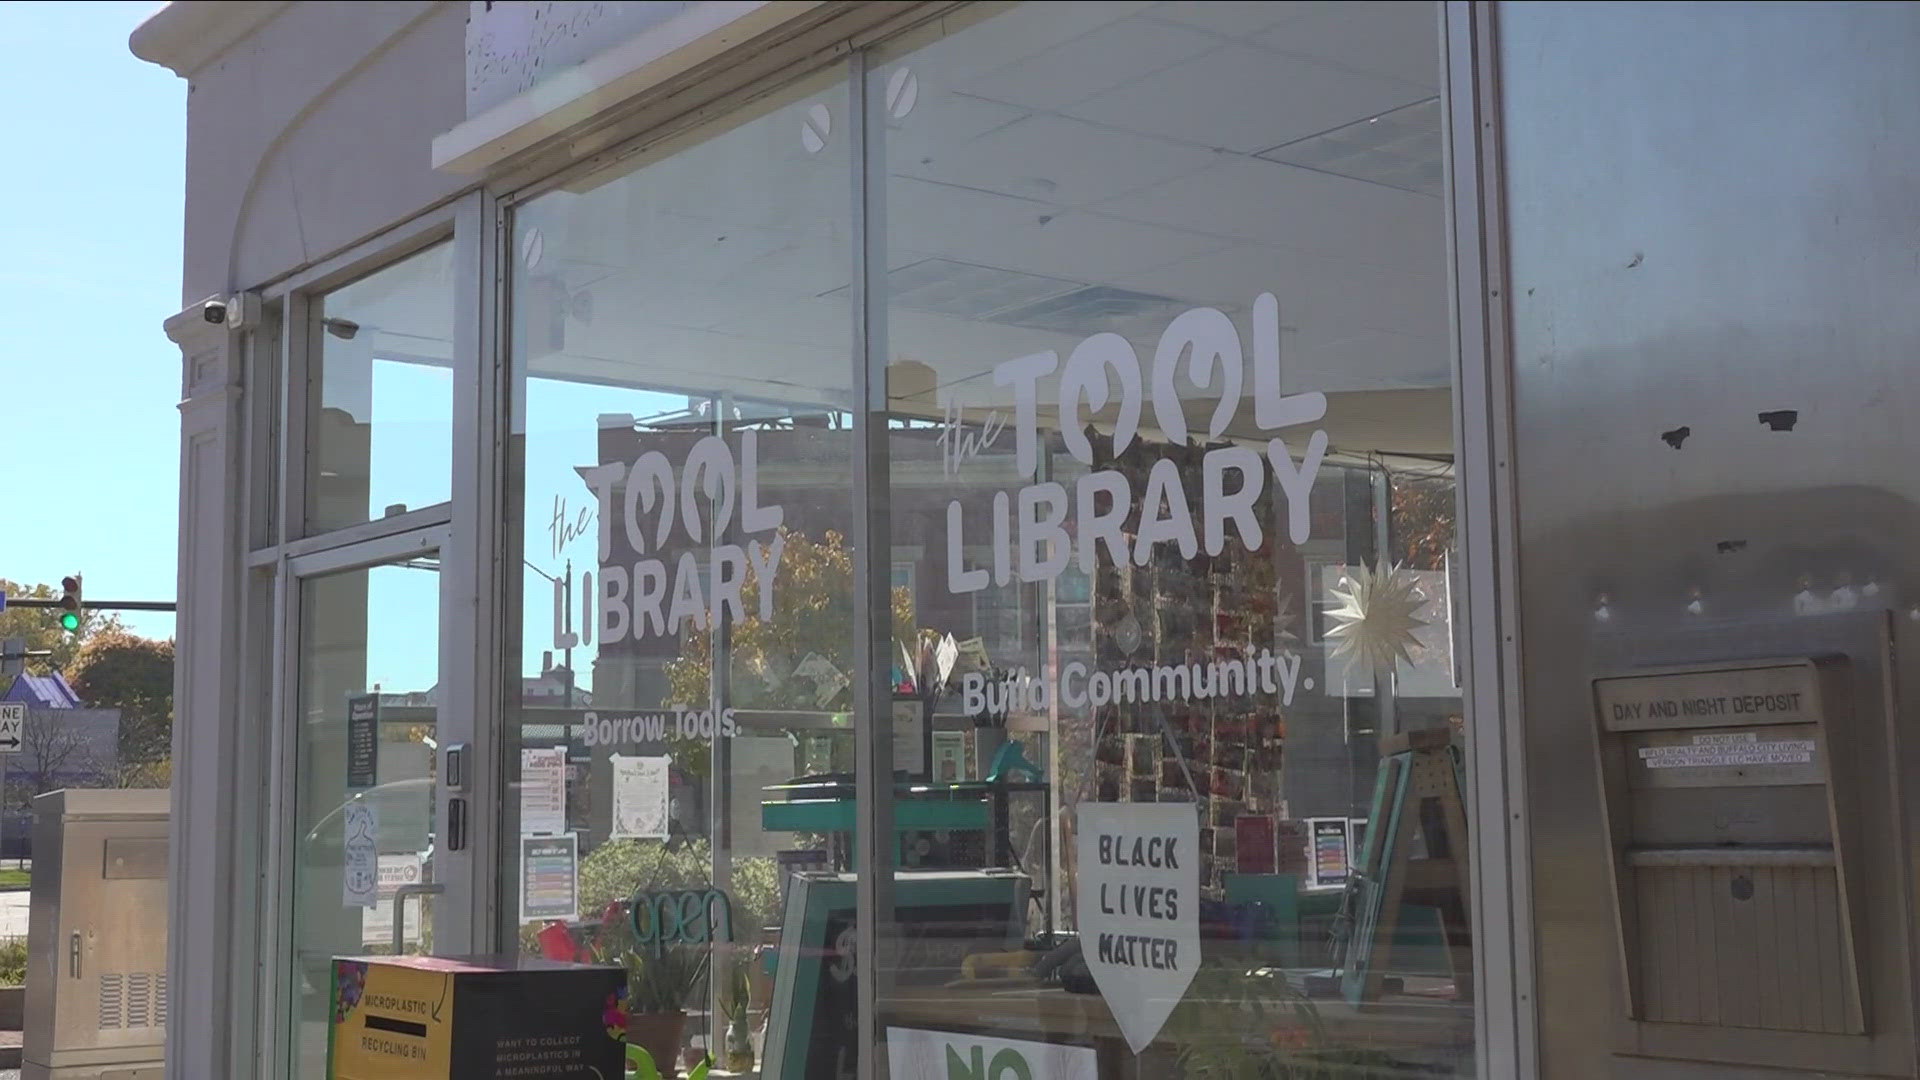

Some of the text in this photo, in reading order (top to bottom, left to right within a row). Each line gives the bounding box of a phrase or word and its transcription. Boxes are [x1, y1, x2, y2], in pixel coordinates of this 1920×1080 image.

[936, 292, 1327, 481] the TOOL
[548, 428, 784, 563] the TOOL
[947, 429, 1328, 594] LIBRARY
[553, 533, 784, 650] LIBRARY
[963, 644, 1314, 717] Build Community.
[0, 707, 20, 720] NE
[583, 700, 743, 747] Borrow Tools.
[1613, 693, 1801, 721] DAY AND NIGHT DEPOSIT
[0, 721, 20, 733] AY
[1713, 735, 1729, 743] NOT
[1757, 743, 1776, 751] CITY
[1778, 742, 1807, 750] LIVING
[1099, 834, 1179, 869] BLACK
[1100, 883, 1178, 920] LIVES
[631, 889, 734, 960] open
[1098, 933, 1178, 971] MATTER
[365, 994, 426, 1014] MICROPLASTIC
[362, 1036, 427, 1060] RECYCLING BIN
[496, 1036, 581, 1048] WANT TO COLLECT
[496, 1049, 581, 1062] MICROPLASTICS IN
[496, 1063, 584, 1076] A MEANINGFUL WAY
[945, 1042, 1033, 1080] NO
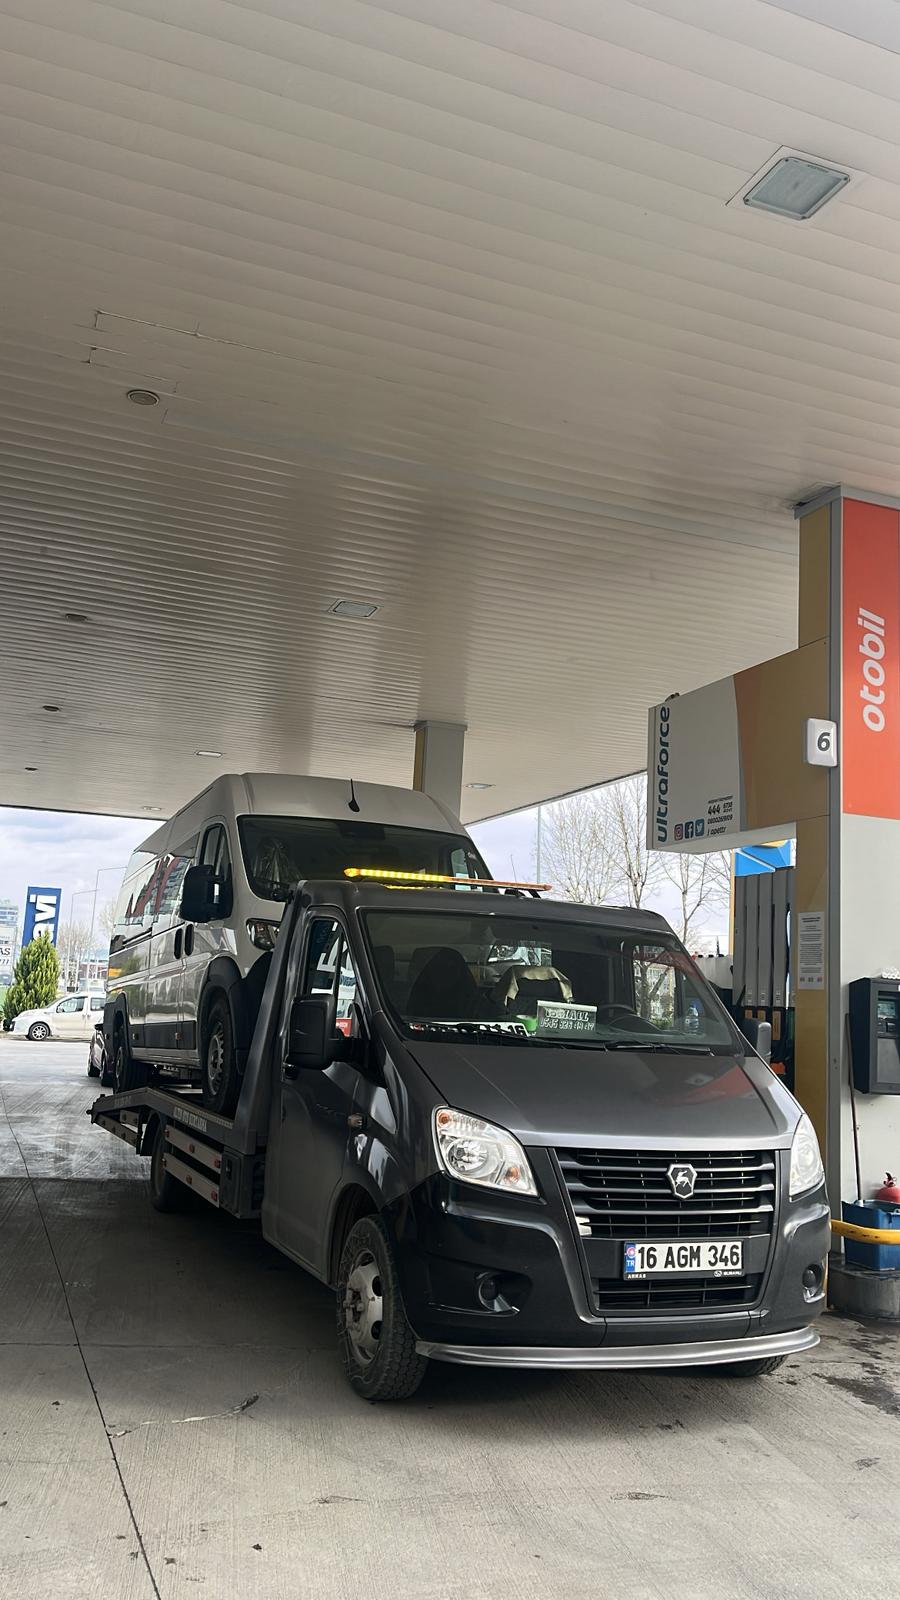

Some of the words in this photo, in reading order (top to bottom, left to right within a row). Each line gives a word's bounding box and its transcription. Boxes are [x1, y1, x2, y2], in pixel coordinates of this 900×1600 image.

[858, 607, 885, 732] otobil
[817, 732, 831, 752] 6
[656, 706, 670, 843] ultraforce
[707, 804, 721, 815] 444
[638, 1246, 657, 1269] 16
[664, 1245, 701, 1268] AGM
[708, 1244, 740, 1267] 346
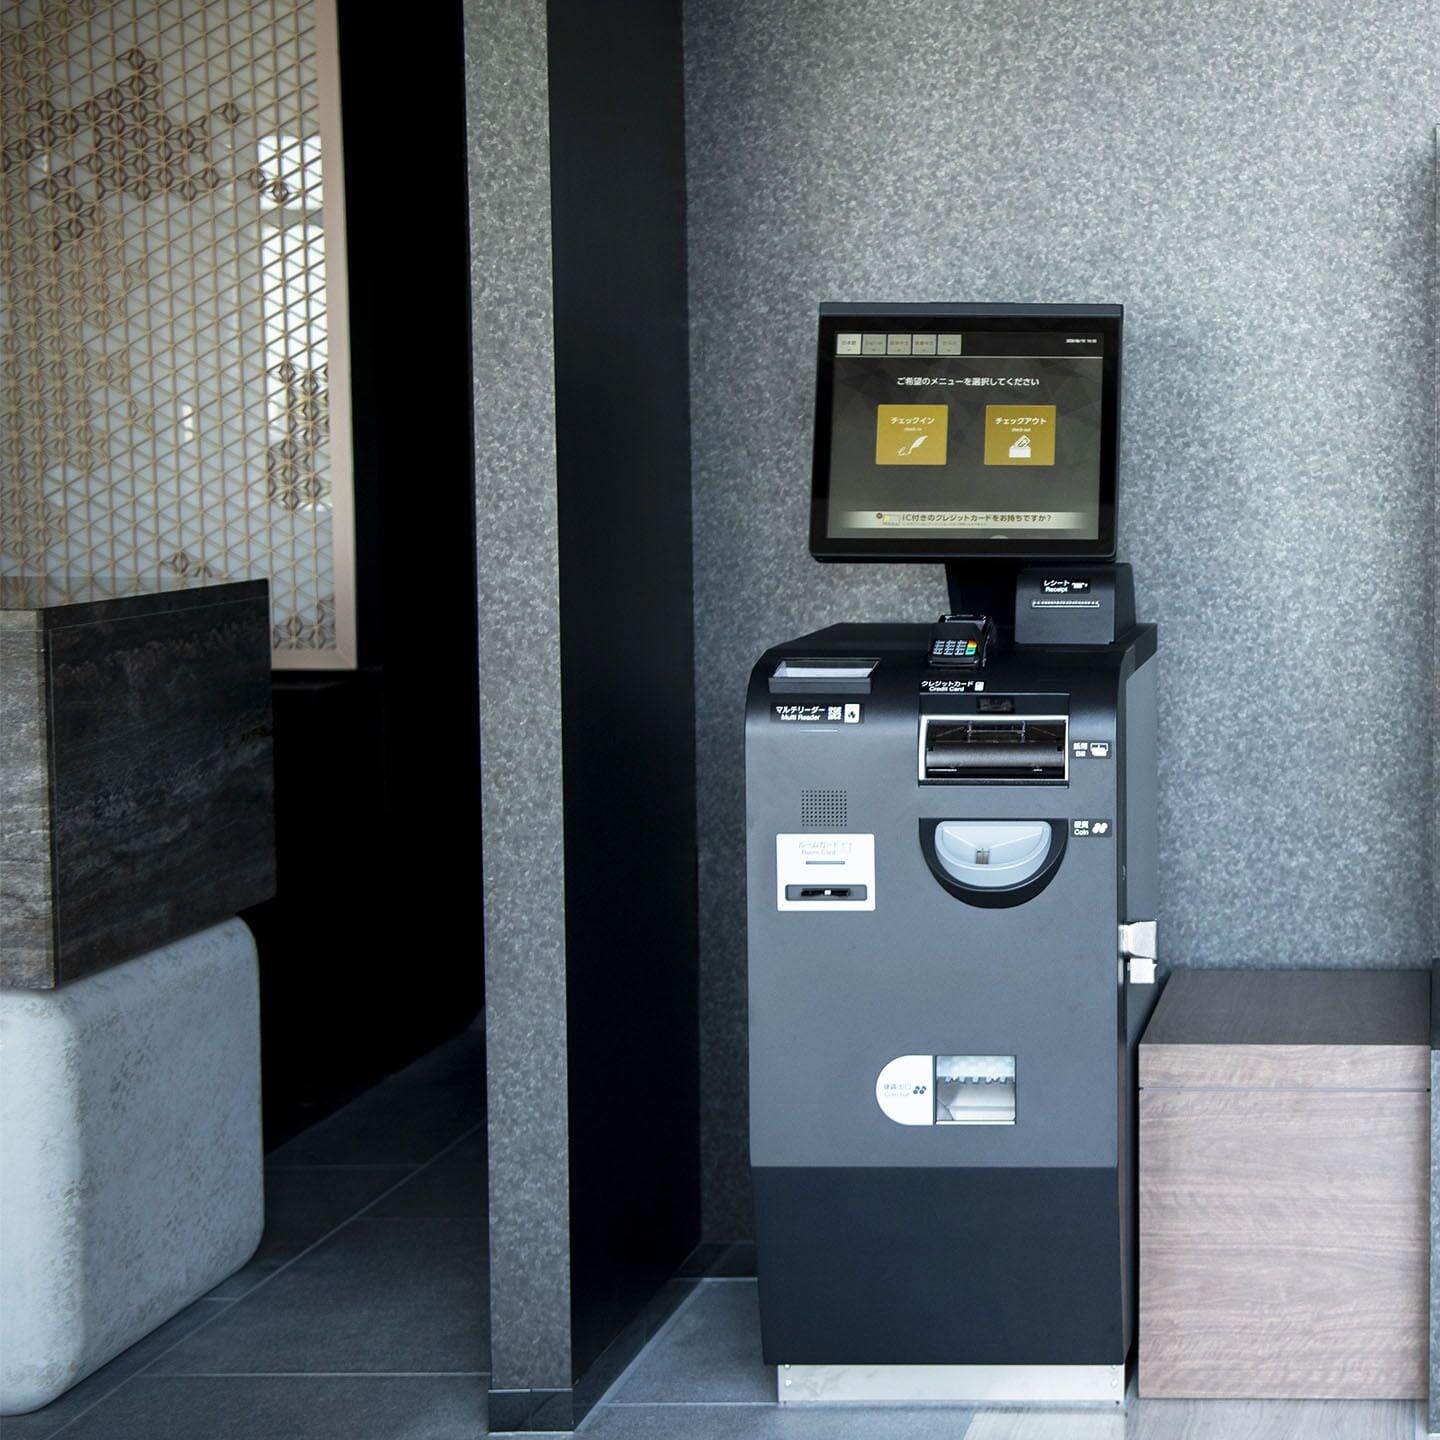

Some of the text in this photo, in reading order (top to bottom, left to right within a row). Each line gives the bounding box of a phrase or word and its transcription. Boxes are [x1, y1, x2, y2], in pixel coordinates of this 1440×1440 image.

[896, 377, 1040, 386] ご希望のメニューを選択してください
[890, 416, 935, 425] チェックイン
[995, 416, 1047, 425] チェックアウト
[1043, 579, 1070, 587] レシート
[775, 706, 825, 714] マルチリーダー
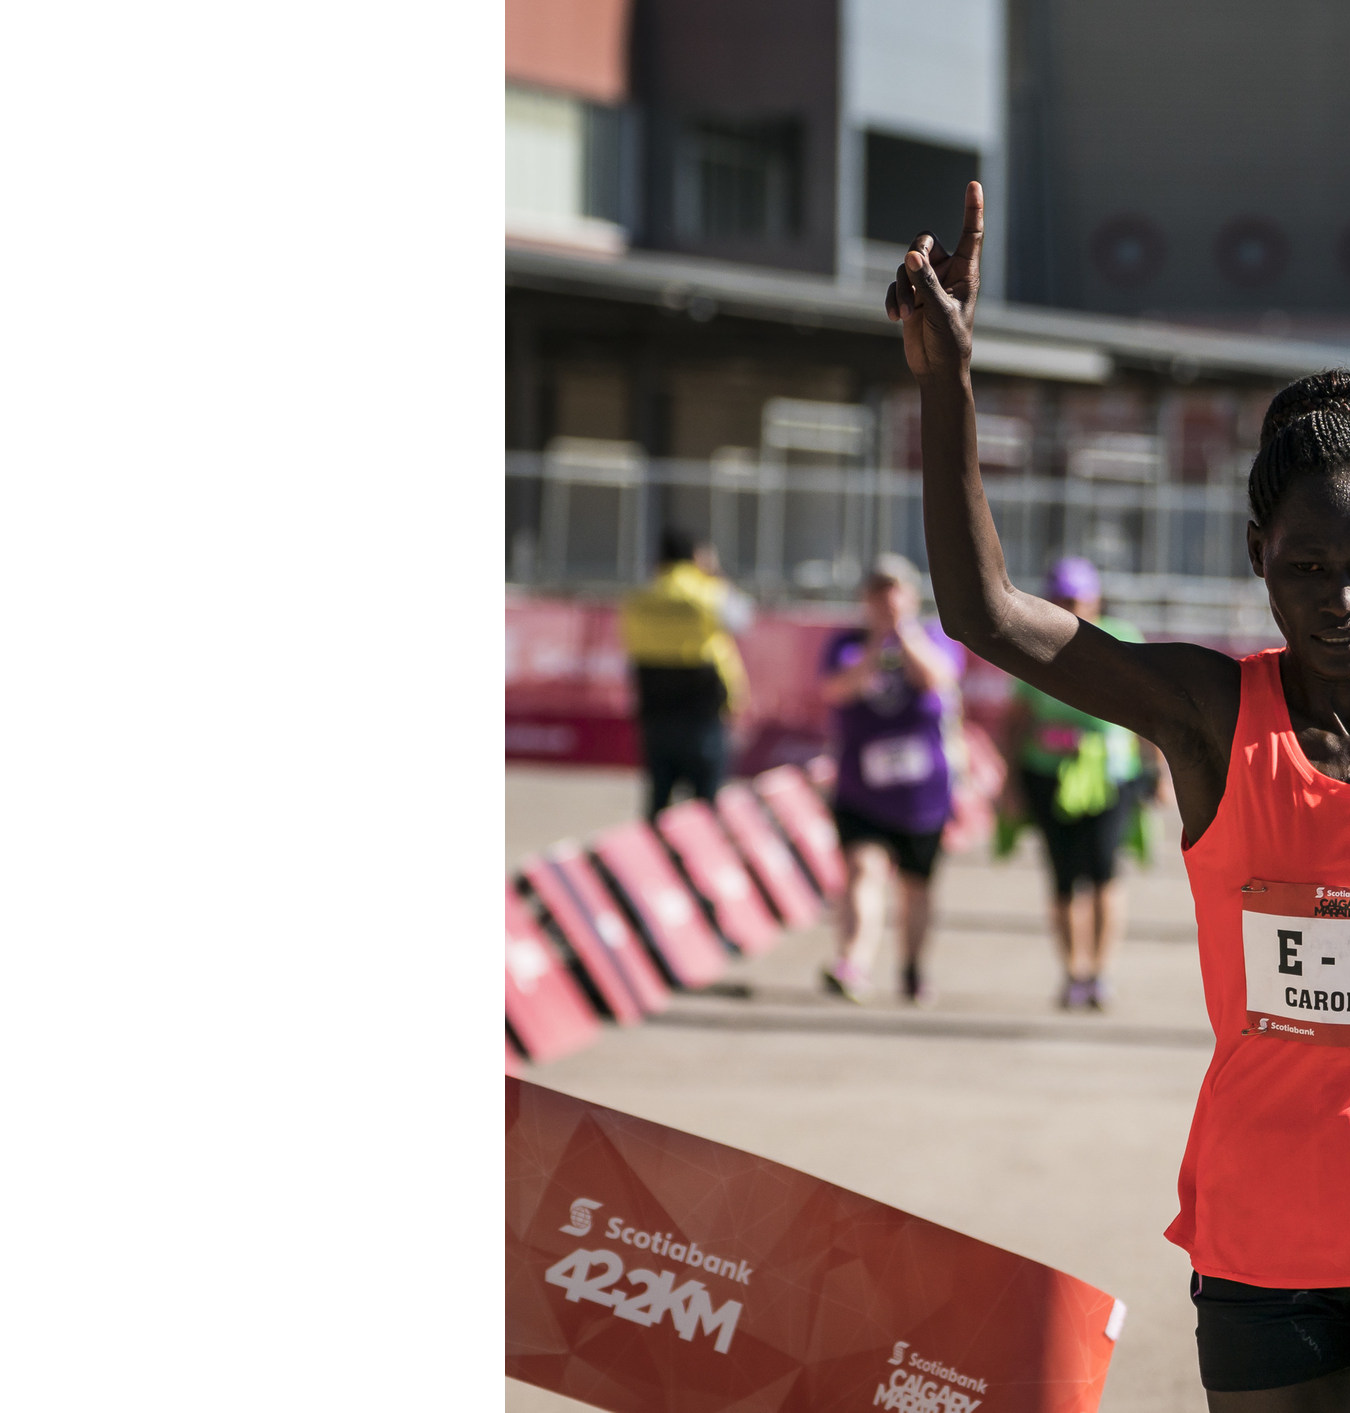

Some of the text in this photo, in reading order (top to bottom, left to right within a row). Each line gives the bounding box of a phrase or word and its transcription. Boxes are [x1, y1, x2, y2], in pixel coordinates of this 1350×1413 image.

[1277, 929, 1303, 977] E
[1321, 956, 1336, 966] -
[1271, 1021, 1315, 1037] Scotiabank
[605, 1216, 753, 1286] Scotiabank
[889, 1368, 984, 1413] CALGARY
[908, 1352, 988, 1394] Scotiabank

==*==

### Activity
From the first record above to the last, output each one exactly and omit the pictures.

### Output of the exercise
Some of the text in this photo, in reading order (top to bottom, left to right within a row). Each line gives the bounding box of a phrase or word and its transcription. Boxes are [x1, y1, x2, y2], in pixel coordinates of this 1920×1080 image.

[936, 292, 1327, 481] the TOOL
[548, 428, 784, 563] the TOOL
[947, 429, 1328, 594] LIBRARY
[553, 533, 784, 650] LIBRARY
[963, 644, 1314, 717] Build Community.
[0, 707, 20, 720] NE
[583, 700, 743, 747] Borrow Tools.
[1613, 693, 1801, 721] DAY AND NIGHT DEPOSIT
[0, 721, 20, 733] AY
[1713, 735, 1729, 743] NOT
[1757, 743, 1776, 751] CITY
[1778, 742, 1807, 750] LIVING
[1099, 834, 1179, 869] BLACK
[1100, 883, 1178, 920] LIVES
[631, 889, 734, 960] open
[1098, 933, 1178, 971] MATTER
[365, 994, 426, 1014] MICROPLASTIC
[362, 1036, 427, 1060] RECYCLING BIN
[496, 1036, 581, 1048] WANT TO COLLECT
[496, 1049, 581, 1062] MICROPLASTICS IN
[496, 1063, 584, 1076] A MEANINGFUL WAY
[945, 1042, 1033, 1080] NO

Some of the words in this photo, in reading order (top to bottom, left to right within a row). Each line gives a word's bounding box and its transcription. Boxes are [x1, y1, x2, y2], in pixel coordinates of this 900×1600 image.

[858, 607, 885, 732] otobil
[817, 732, 831, 752] 6
[656, 706, 670, 843] ultraforce
[707, 804, 721, 815] 444
[638, 1246, 657, 1269] 16
[664, 1245, 701, 1268] AGM
[708, 1244, 740, 1267] 346

Some of the text in this photo, in reading order (top to bottom, left to right within a row). Each line gives the bounding box of a phrase or word and its transcription. Boxes are [x1, y1, x2, y2], in pixel coordinates of this 1440×1440 image.

[896, 377, 1040, 386] ご希望のメニューを選択してください
[890, 416, 935, 425] チェックイン
[995, 416, 1047, 425] チェックアウト
[1043, 579, 1070, 587] レシート
[775, 706, 825, 714] マルチリーダー

Some of the text in this photo, in reading order (top to bottom, left to right within a row). Each line gives the bounding box of a phrase or word and its transcription. Boxes are [x1, y1, x2, y2], in pixel coordinates of this 1350×1413 image.

[1277, 929, 1303, 977] E
[1321, 956, 1336, 966] -
[1271, 1021, 1315, 1037] Scotiabank
[605, 1216, 753, 1286] Scotiabank
[889, 1368, 984, 1413] CALGARY
[908, 1352, 988, 1394] Scotiabank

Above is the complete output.